■ **Task description**
Your answer must consist of the records below, reproduced exactly, with every picture removed.

Images for object localization
......
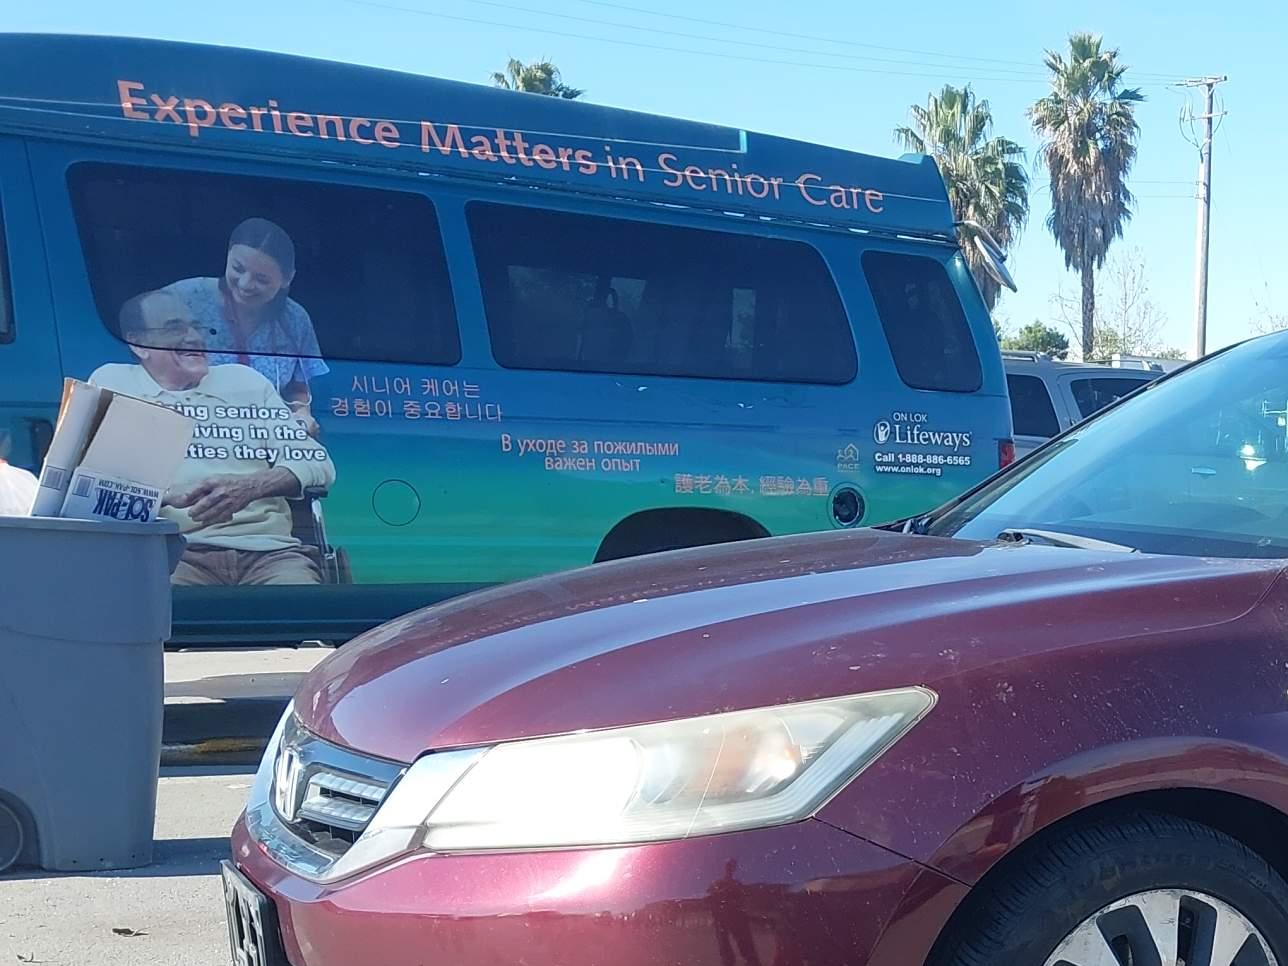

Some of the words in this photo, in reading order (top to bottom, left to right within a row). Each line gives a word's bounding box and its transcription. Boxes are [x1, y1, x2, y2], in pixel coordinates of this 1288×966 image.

[117, 79, 400, 148] Experience
[420, 120, 598, 175] Matters
[605, 145, 645, 182] in
[658, 153, 783, 200] Senior
[797, 173, 884, 213] Care
[351, 375, 411, 396] 시니어
[421, 378, 480, 399] 케어는
[215, 406, 289, 419] seniors
[330, 397, 393, 418] 경험이
[403, 400, 503, 422] 중요합니다
[893, 412, 908, 422] ON
[910, 413, 928, 422] LOK
[192, 424, 243, 441] iving
[249, 425, 268, 440] in
[274, 425, 307, 440] the
[895, 424, 971, 452] Lifeways
[186, 444, 227, 459] ties
[234, 445, 278, 462] they
[285, 446, 326, 460] love
[501, 434, 512, 452] В
[518, 438, 566, 456] уходе
[573, 440, 588, 454] за
[594, 440, 679, 456] пожилыми
[545, 457, 596, 471] важен
[601, 458, 640, 472] опыт
[875, 453, 895, 462] Call
[898, 454, 971, 465] 1-888-886-6565
[876, 465, 942, 476] www.onlok.org
......
■ **Your solution**
Some of the words in this photo, in reading order (top to bottom, left to right within a row). Each line gives a word's bounding box and its transcription. Boxes are [x1, y1, x2, y2], in pixel coordinates of this 1288×966 image.

[117, 79, 400, 148] Experience
[420, 120, 598, 175] Matters
[605, 145, 645, 182] in
[658, 153, 783, 200] Senior
[797, 173, 884, 213] Care
[351, 375, 411, 396] 시니어
[421, 378, 480, 399] 케어는
[215, 406, 289, 419] seniors
[330, 397, 393, 418] 경험이
[403, 400, 503, 422] 중요합니다
[893, 412, 908, 422] ON
[910, 413, 928, 422] LOK
[192, 424, 243, 441] iving
[249, 425, 268, 440] in
[274, 425, 307, 440] the
[895, 424, 971, 452] Lifeways
[186, 444, 227, 459] ties
[234, 445, 278, 462] they
[285, 446, 326, 460] love
[501, 434, 512, 452] В
[518, 438, 566, 456] уходе
[573, 440, 588, 454] за
[594, 440, 679, 456] пожилыми
[545, 457, 596, 471] важен
[601, 458, 640, 472] опыт
[875, 453, 895, 462] Call
[898, 454, 971, 465] 1-888-886-6565
[876, 465, 942, 476] www.onlok.org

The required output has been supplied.